In fact, success in the Unreal World is measured by the unreality of one’s life. Crucial items like iron tools, salt for preserving food, housing for protection from the elements, agriculture for a stable food supply, and nets and traps for ‘passive’ fishing and hunting each remove the player character a little from his or her ‘natural’ existence as a hunter-gatherer in the forest. The ideal setup for a character in the URW – a log cabin with a garden and cellar, plus a series of traps for collecting furs for trade – is also an act of violence against the forest which gives your character sustenance. Trees must be cleared and burnt, animals killed in devious and often cruel traps, even when their meat is not needed for food.
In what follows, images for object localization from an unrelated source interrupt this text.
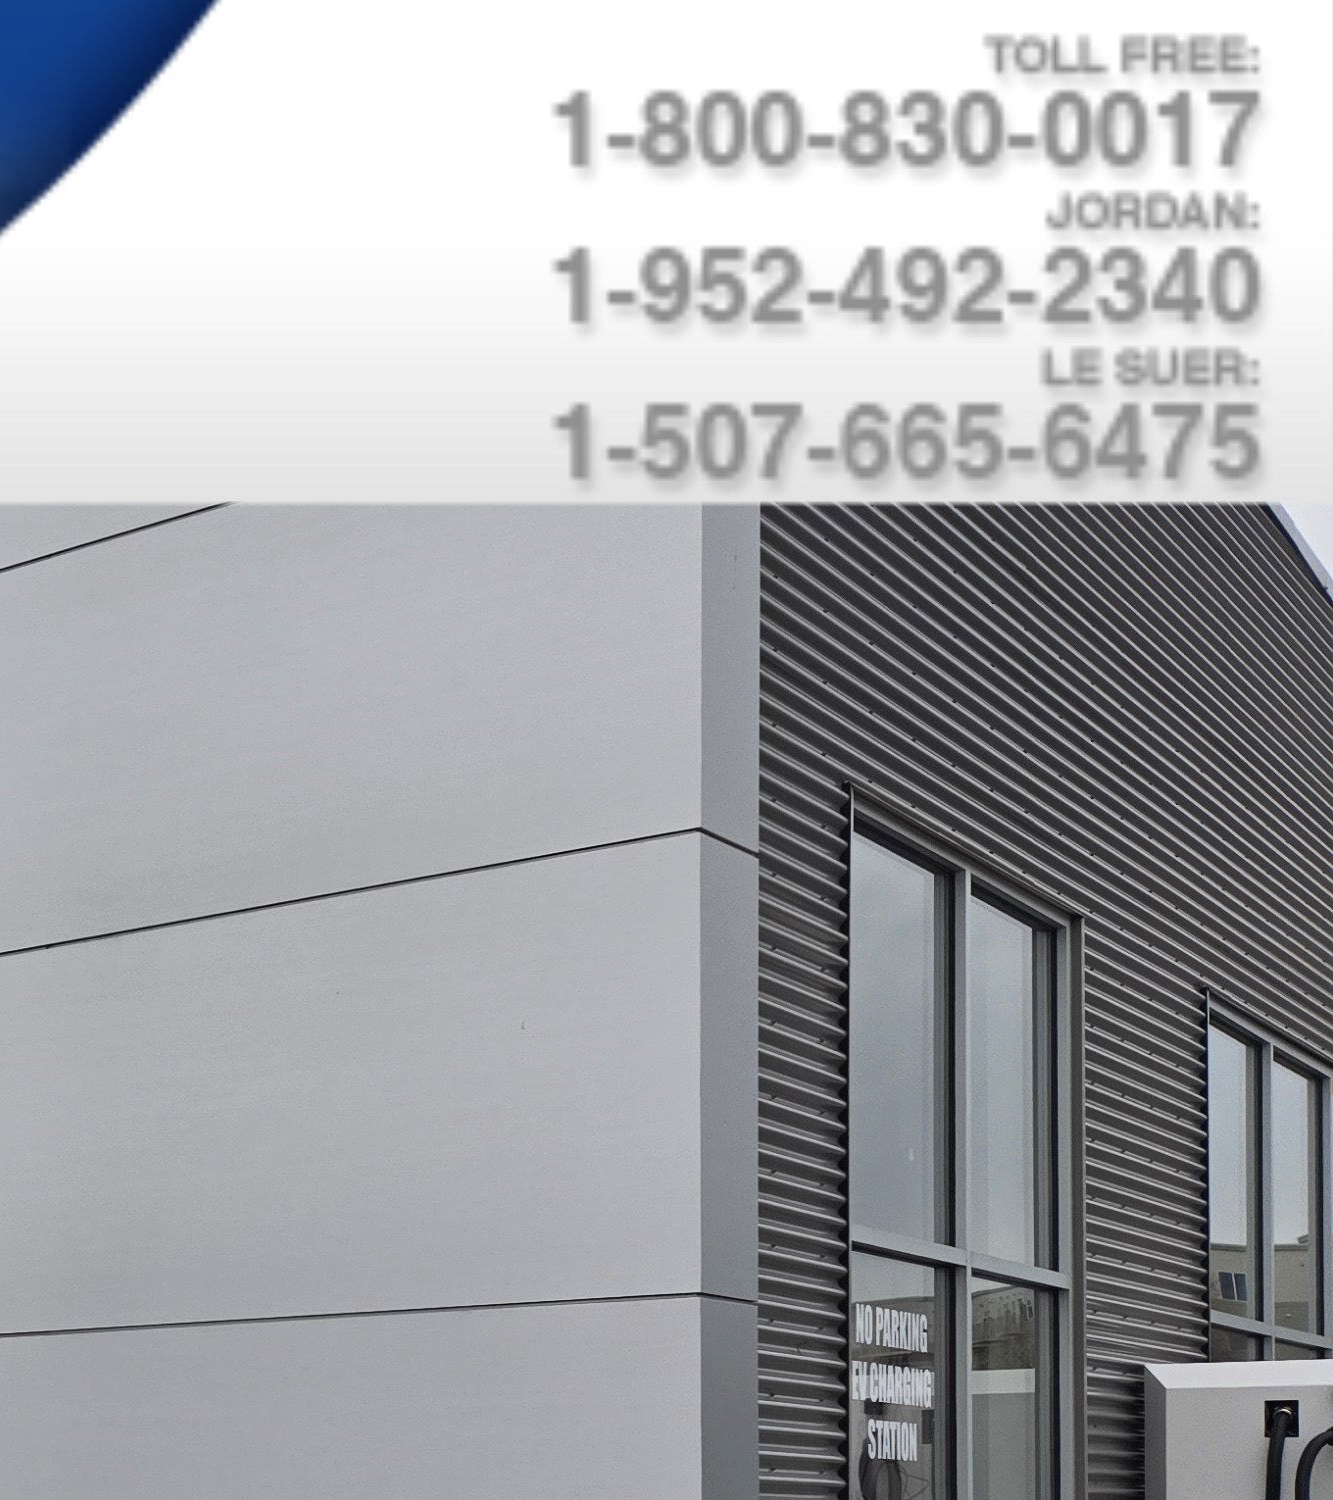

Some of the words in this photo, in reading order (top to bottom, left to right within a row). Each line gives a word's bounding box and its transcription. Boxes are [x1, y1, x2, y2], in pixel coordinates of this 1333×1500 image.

[855, 1302, 873, 1345] NO
[875, 1306, 928, 1353] PARKING
[851, 1360, 867, 1401] EV
[869, 1362, 932, 1408] CHARGING
[867, 1418, 918, 1462] STATION
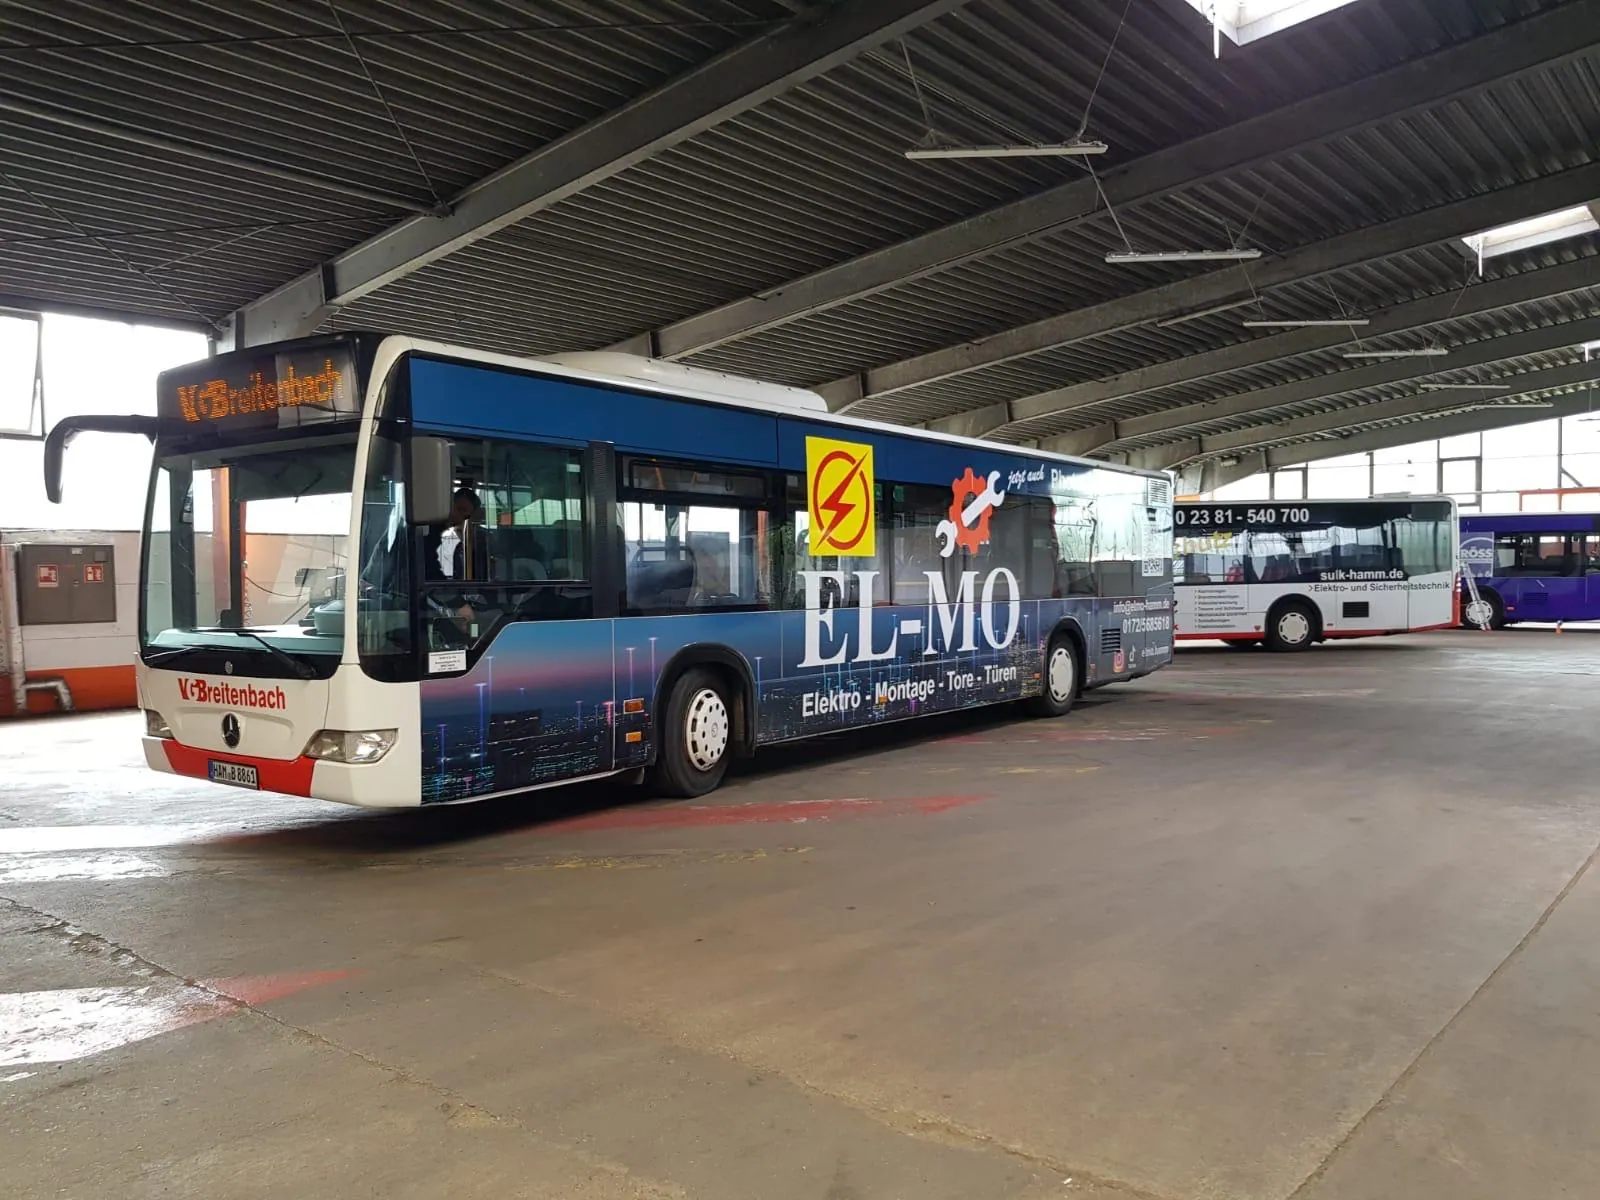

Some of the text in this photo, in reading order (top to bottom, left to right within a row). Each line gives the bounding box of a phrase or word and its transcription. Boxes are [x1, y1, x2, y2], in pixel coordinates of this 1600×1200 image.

[1026, 463, 1045, 481] auch
[1190, 510, 1210, 525] 23
[1214, 509, 1233, 524] 81
[1247, 509, 1276, 524] 540
[1280, 508, 1310, 523] 700
[1320, 568, 1404, 581] sulk-hamm.de
[1350, 583, 1368, 592] und
[1369, 582, 1450, 592] Sicherheitstechnik
[796, 567, 1020, 668] EL-MO
[802, 690, 861, 717] Elektro
[875, 678, 935, 704] Montage
[946, 671, 974, 691] Tore
[984, 665, 1017, 685] Türen
[213, 762, 256, 784] HAM B 8861
URW is, unambiguously, a game about the celebration of a more immediate relationship with nature. The trackless forests are described as ‘majestic’. The clever system of magic ‘rituals’, which allow your character to make songs and sacrifices to the local spirits, without ever telling you what, precisely, the rituals do, leaves you with a slightly superstitious attitude to the living forest. It is also a game (a videogame) about the impossibility – and undesirability – of fully achieving such a relationship.
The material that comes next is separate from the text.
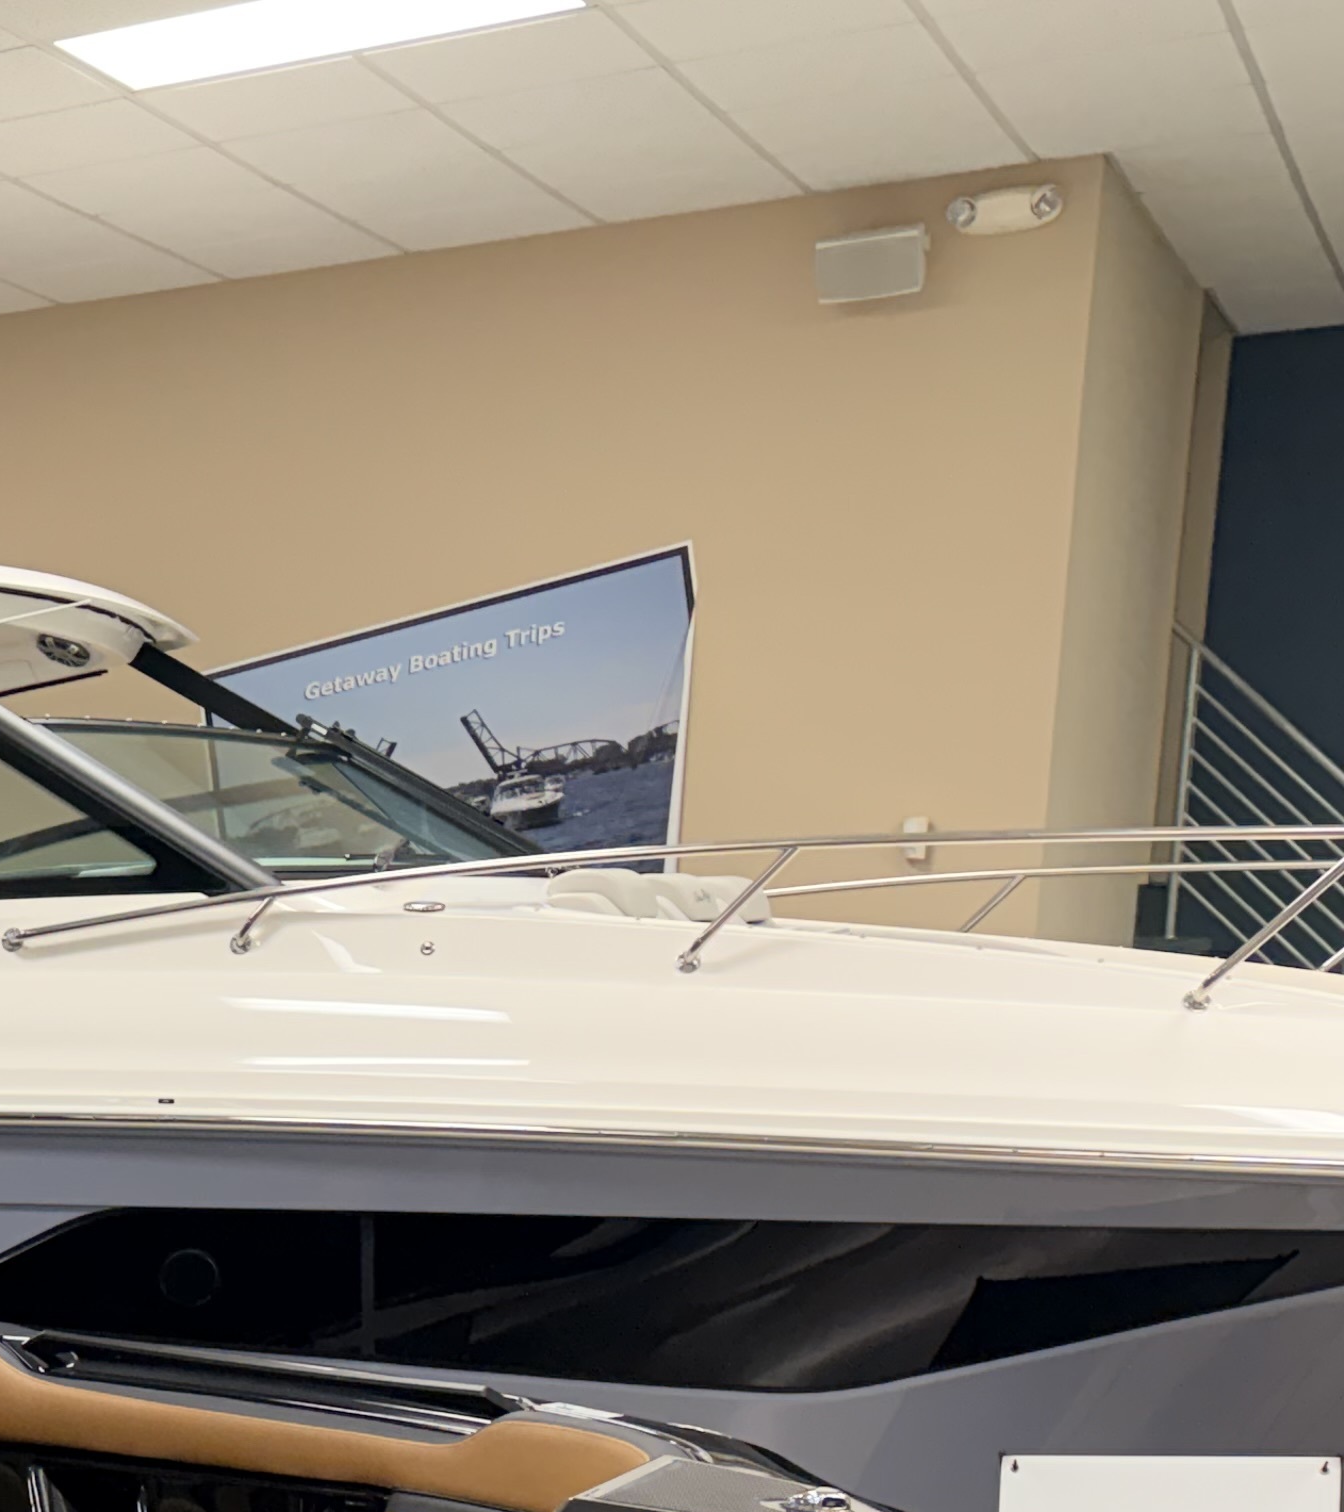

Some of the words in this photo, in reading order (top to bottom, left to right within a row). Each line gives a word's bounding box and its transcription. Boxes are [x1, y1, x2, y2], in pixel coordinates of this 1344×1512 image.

[304, 663, 402, 700] Getaway
[409, 638, 498, 673] Boating
[505, 621, 565, 648] Trips
Both of these issues — your character’s relationship to nature and to other people — are underscored by the way you encounter the landscape. In most survival games, as in most dungeon-delvers, the world is a series of pockets to be raided for goods and cleared of monsters before moving on to greener pastures. Videogames tend to embody what Karl Marx called ‘primitive accumulation’: the creation of capital as a zero-sum game of violence. The enclosure of the commons and the seizure of land from indigenous peoples were the examples he had in mind. In both of these cases, the previous owners were historically represented as less-than-human; as not owning their lands in a proper individual, capitalist sense and thus not owning them at all; as an unruly horde in need of taming. In fact, the liberal intellectual tradition has a long history of defending theft and murder in the name of freedom and private property, starting no later than John Locke, who claimed that Europeans had a divine mandate to cultivate the ‘waste’ lands of indigenous peoples. Since the monstrous hordes of DayZ or Fallout and the troglodytes of Skyrim and Dragon Age, like aborigines and European cottagers, don’t have a legal claim to the things that surround them, their murder and expropriation are the discovery of riches in an alien wilderness. The hero of the RPG or survival game embodies the bleeding edge of capitalism, accumulating private property one massacre at a time and always in search of new frontiers. Behind him is a desert called peace and quickly forgotten — until the monsters respawn, at least.

In URW, by contrast, the wilderness is only alien because you don’t understand it. Clearing villages — or even Njerpezal camps — and then moving on is not going to keep you alive and fed indefinitely, even if you can manage to survive the inevitable bruises, lacerations and broken bones that come with realistic violence. Instead, the key to survival is knowledge. When you first move into an area, it seems alien, wild and empty; but what you see is your own ignorance. There are paths used by game, good fishing spots, caves inhabited by wolves or bears, groves where herbs, berries and mushrooms grow, and villages where you will find trade and comfort. Ranging over the same areas repetitively as you hunt, explore and trade allows you to develop a picture of the landscape. Gradually, the forest becomes legible; it ceases to be wilderness and starts to become a friend. This is no dissolution into atavism as imagined by common depictions of the primitive and the post-apocalyptic. ‘Nature’ is ultimately both primal and Unreal; and by delving into a less mediated mode of existence, you become more aware of the way your relationship to the world is shaped by understanding rather than nature.